■ GOAL OF THE EXERCISE
Please transcribe every entry below exactly as written.

■ Data extracted from a collection
○ ○ ○

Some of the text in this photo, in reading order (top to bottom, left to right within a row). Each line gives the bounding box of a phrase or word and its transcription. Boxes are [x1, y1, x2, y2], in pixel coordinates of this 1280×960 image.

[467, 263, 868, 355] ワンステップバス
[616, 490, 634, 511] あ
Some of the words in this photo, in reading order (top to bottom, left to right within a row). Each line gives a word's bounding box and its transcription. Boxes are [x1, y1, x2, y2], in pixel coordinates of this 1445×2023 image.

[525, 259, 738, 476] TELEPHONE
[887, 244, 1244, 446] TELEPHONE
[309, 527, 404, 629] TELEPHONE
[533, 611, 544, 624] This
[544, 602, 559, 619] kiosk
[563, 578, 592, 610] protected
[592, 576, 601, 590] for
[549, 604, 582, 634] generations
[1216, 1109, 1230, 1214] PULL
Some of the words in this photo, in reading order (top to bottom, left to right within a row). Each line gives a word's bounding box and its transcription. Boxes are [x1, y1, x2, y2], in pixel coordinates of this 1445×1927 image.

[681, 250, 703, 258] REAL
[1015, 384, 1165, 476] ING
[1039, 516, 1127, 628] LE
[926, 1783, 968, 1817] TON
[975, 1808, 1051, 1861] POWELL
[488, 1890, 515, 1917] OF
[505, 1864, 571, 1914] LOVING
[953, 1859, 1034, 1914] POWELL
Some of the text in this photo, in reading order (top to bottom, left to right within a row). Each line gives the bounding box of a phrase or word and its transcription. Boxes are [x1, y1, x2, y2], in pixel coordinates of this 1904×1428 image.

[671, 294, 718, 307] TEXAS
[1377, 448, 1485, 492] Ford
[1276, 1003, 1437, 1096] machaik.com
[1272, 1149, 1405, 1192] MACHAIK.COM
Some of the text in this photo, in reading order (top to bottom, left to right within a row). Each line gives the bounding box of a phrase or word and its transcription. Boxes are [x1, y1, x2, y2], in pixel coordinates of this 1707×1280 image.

○ ○ ○

■ EXERCISE OUTPUT
Some of the text in this photo, in reading order (top to bottom, left to right within a row). Each line gives the bounding box of a phrase or word and its transcription. Boxes are [x1, y1, x2, y2], in pixel coordinates of this 1280×960 image.

[467, 263, 868, 355] ワンステップバス
[616, 490, 634, 511] あ
Some of the words in this photo, in reading order (top to bottom, left to right within a row). Each line gives a word's bounding box and its transcription. Boxes are [x1, y1, x2, y2], in pixel coordinates of this 1445×2023 image.

[525, 259, 738, 476] TELEPHONE
[887, 244, 1244, 446] TELEPHONE
[309, 527, 404, 629] TELEPHONE
[533, 611, 544, 624] This
[544, 602, 559, 619] kiosk
[563, 578, 592, 610] protected
[592, 576, 601, 590] for
[549, 604, 582, 634] generations
[1216, 1109, 1230, 1214] PULL
Some of the words in this photo, in reading order (top to bottom, left to right within a row). Each line gives a word's bounding box and its transcription. Boxes are [x1, y1, x2, y2], in pixel coordinates of this 1445×1927 image.

[681, 250, 703, 258] REAL
[1015, 384, 1165, 476] ING
[1039, 516, 1127, 628] LE
[926, 1783, 968, 1817] TON
[975, 1808, 1051, 1861] POWELL
[488, 1890, 515, 1917] OF
[505, 1864, 571, 1914] LOVING
[953, 1859, 1034, 1914] POWELL
Some of the text in this photo, in reading order (top to bottom, left to right within a row). Each line gives the bounding box of a phrase or word and its transcription. Boxes are [x1, y1, x2, y2], in pixel coordinates of this 1904×1428 image.

[671, 294, 718, 307] TEXAS
[1377, 448, 1485, 492] Ford
[1276, 1003, 1437, 1096] machaik.com
[1272, 1149, 1405, 1192] MACHAIK.COM
Some of the text in this photo, in reading order (top to bottom, left to right within a row). Each line gives the bounding box of a phrase or word and its transcription. Boxes are [x1, y1, x2, y2], in pixel coordinates of this 1707×1280 image.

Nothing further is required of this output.